If you hold hryvnia deposits or government bonds (OVDPs). Hryvnia instruments offer significantly higher nominal returns — deposits at 14–18%, OVDPs up to 25.5% per annum. But that yield is meant to compensate for exchange-rate risk. If the hryvnia weakens by, say, 10% over the year, the real dollar-equivalent return on your hryvnia deposit falls sharply and could turn negative.
The key question is how fast the hryvnia actually depreciates. With the corridor set at UAH 42.75–47.25 per dollar, the maximum permitted weakening from the lower to the upper bound is roughly 10.5%. If the NBU holds the corridor, aggregate risk is bounded. If the corridor shifts or widens, risk increases.
If you hold dollar deposits. A weakening hryvnia automatically increases the hryvnia-equivalent value of your dollar balance. However, dollar deposit rates in Ukrainian banks are significantly lower — typically 1–4% per annum. You gain on the exchange rate but give up yield.
If you buy imported goods — cars, electronics, pharmaceuticals, fuel. Any weakening of the hryvnia passes directly into higher hryvnia prices for imported goods and services. This is the imported inflation that the NBU is trying to slow.
Practical Takeaway
The move to a managed float is not a crisis and not a surprise. It is a logical step for an economy exiting a rigid peg in a more complex and volatile external environment.
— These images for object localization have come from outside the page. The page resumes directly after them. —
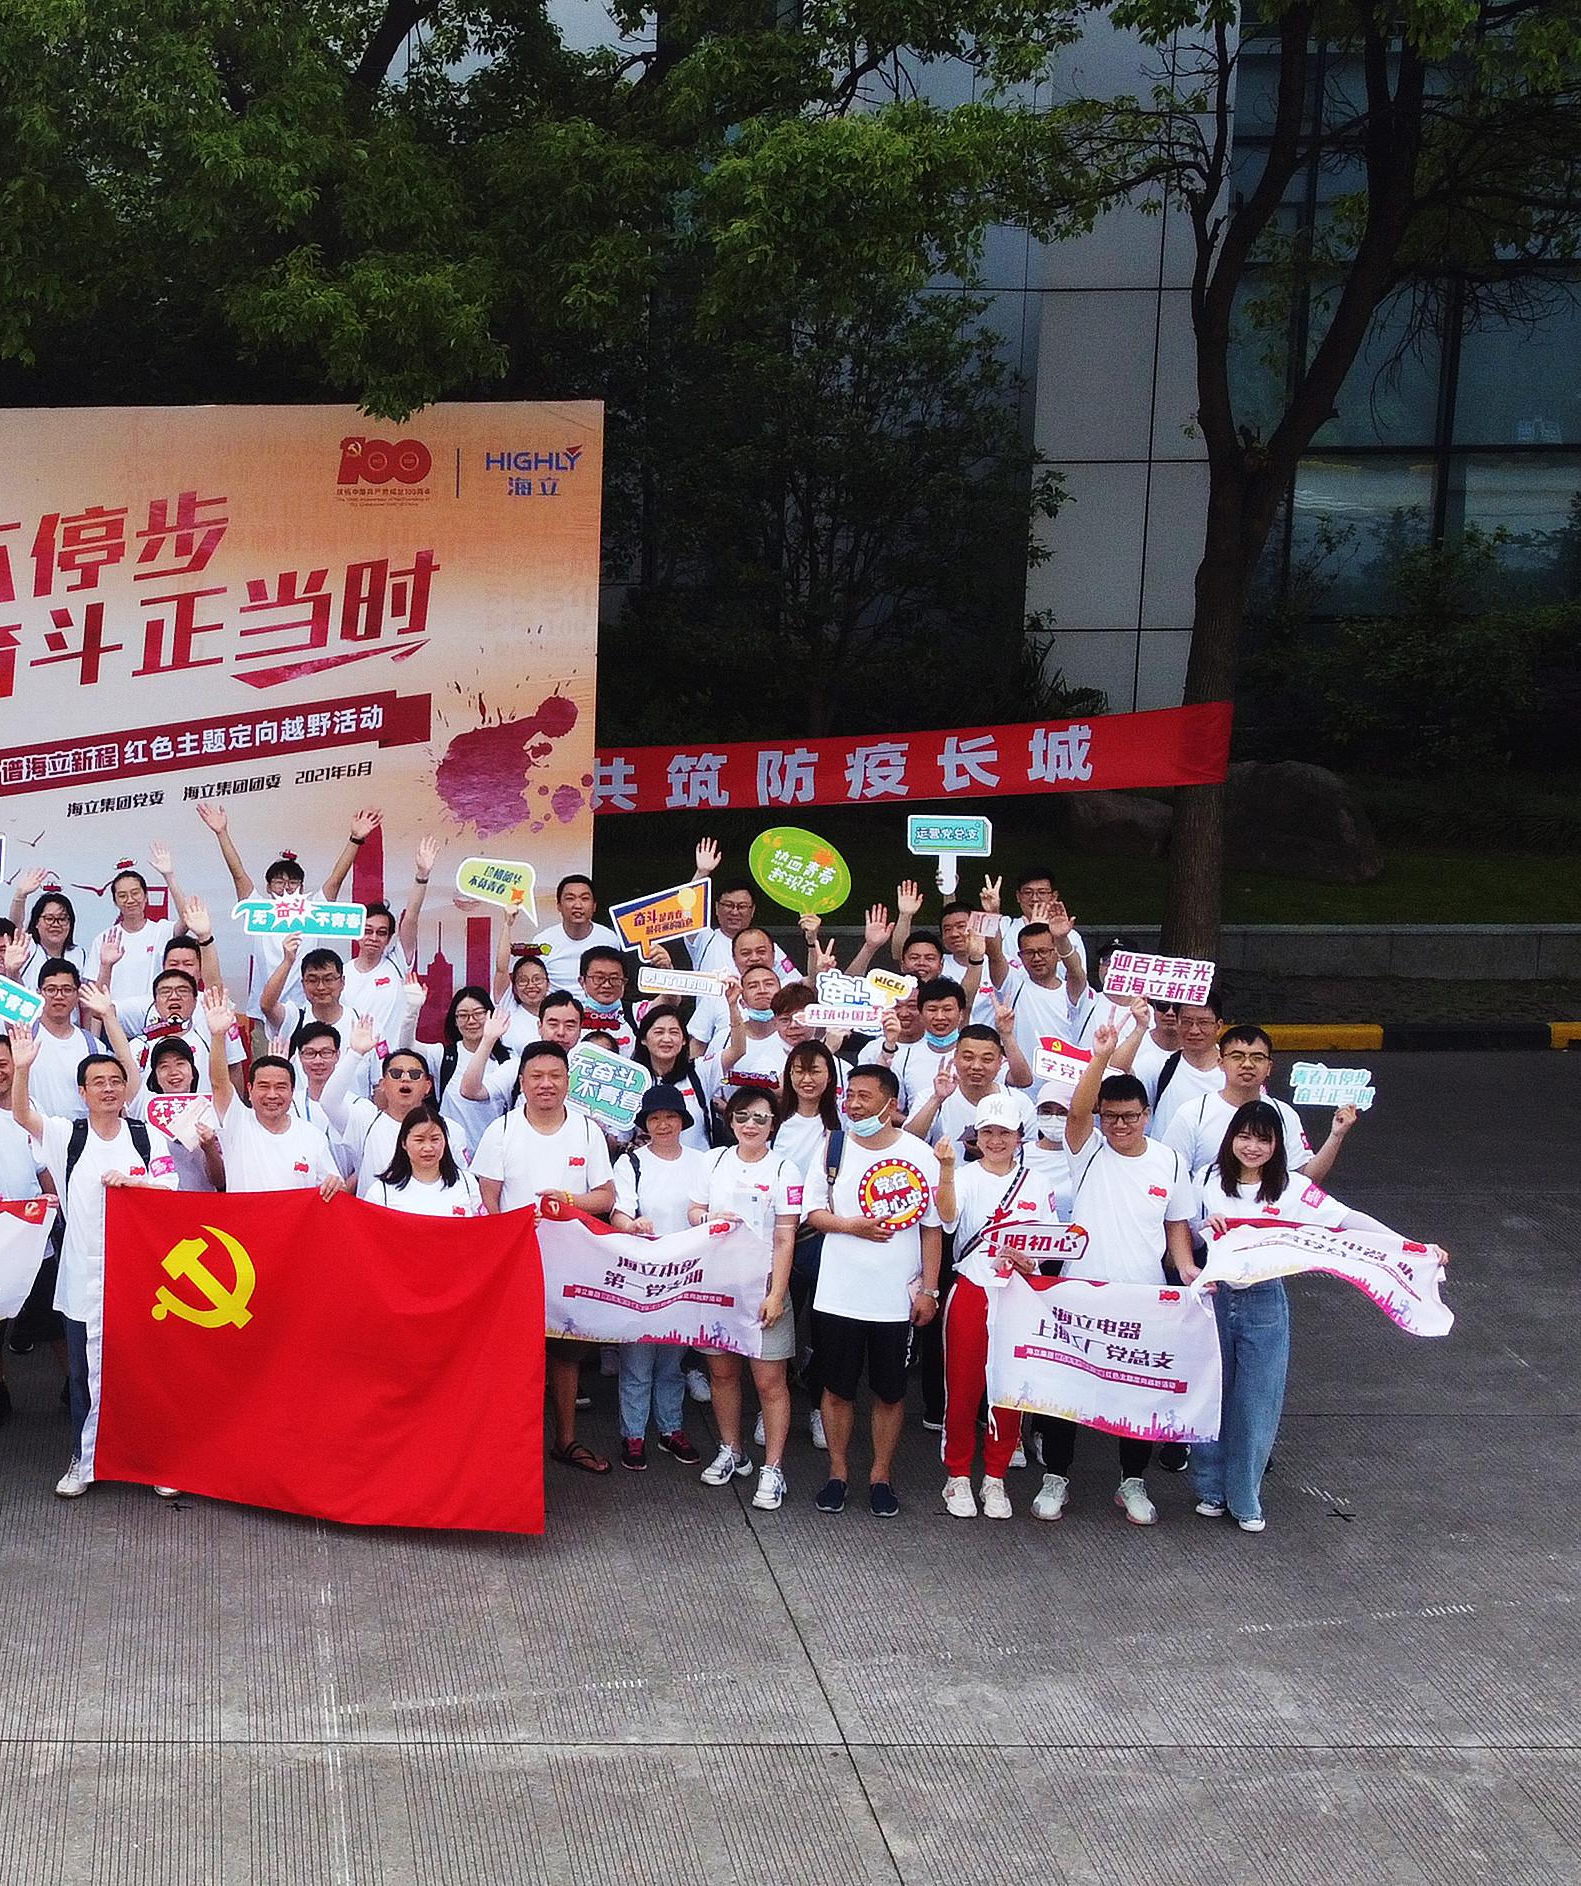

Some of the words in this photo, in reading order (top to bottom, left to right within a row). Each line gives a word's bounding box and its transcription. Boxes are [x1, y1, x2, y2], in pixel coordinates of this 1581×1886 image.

[485, 445, 582, 471] HIGHLY
[507, 476, 561, 496] 海立
[0, 743, 119, 785] 谱海立新程
[123, 704, 385, 765] 红色主题定向越野活动
[593, 725, 1093, 811] 共筑防疫长城
[67, 790, 165, 818] 海立集团党委
[183, 774, 282, 802] 海立集团团委
[294, 761, 372, 785] 2021年6月
[771, 849, 836, 885] 热血青春
[768, 867, 818, 896] 趁现在
[1112, 953, 1211, 981] 迎百年荣光
[874, 975, 905, 994] NICE!
[1106, 974, 1207, 1002] 谱海立新程
[569, 1053, 637, 1088] 无奋斗
[1041, 1057, 1083, 1080] 学党
[1293, 1065, 1370, 1087] 青春不停步
[154, 1098, 191, 1115] 不忘
[574, 1078, 643, 1110] 不青春
[1296, 1087, 1374, 1106] 奋斗正当时
[873, 1171, 910, 1196] 党在
[871, 1189, 924, 1219] 我心中
[1004, 1234, 1078, 1252] 明初心
[1052, 1306, 1142, 1341] 海立电器
For savers in Ukraine today, three things are worth keeping in mind.
First, exchange-rate risk is now explicit. The corridor defines the boundaries, but they can shift. Hryvnia savings carry real depreciation risk — that risk is built into the higher yields these instruments offer.
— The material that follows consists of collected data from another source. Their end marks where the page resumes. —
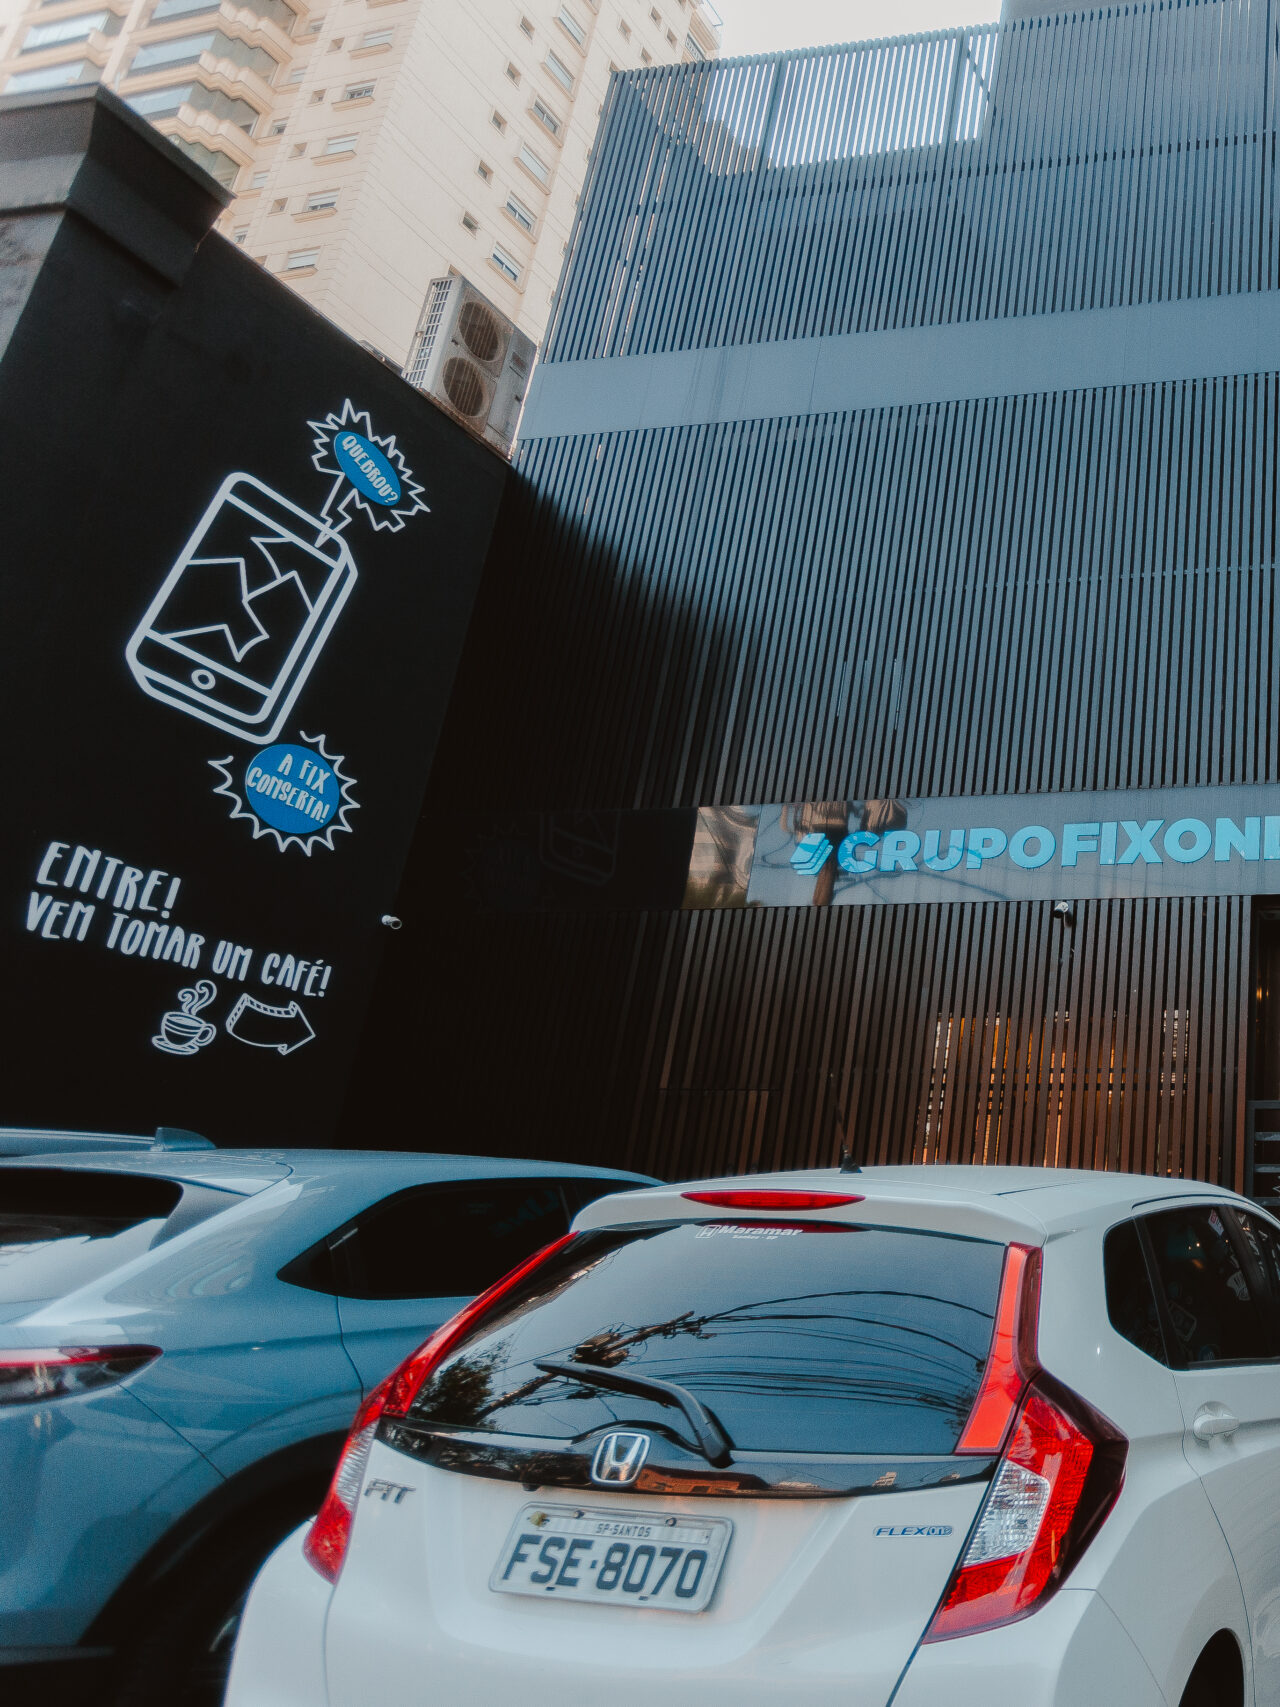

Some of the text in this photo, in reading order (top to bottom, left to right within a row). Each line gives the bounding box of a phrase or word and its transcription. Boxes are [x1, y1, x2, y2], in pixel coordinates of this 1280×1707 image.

[342, 435, 398, 503] QUEBROU?
[247, 766, 331, 824] CONSERTA!
[277, 753, 332, 795] A FIX
[36, 841, 182, 918] ENTRE!
[26, 891, 332, 998] VEM TOMAR UM CAFÉ!
[363, 1478, 417, 1504] FIT
Second, diversification remains a sensible approach. Holding part of your savings in hryvnia (earning higher yields) and part in foreign currency (as a hedge against depreciation) is rational risk management, not speculation.
Third, reserve levels are the key indicator to watch. As long as reserves remain adequate, the NBU retains the capacity to defend the corridor. Monitoring the monthly reserve data published by the NBU is at least as important as tracking deposit rates.
The next key moment: the April IMF programme review, which will determine both the future trajectory of the exchange rate and the level of external financing.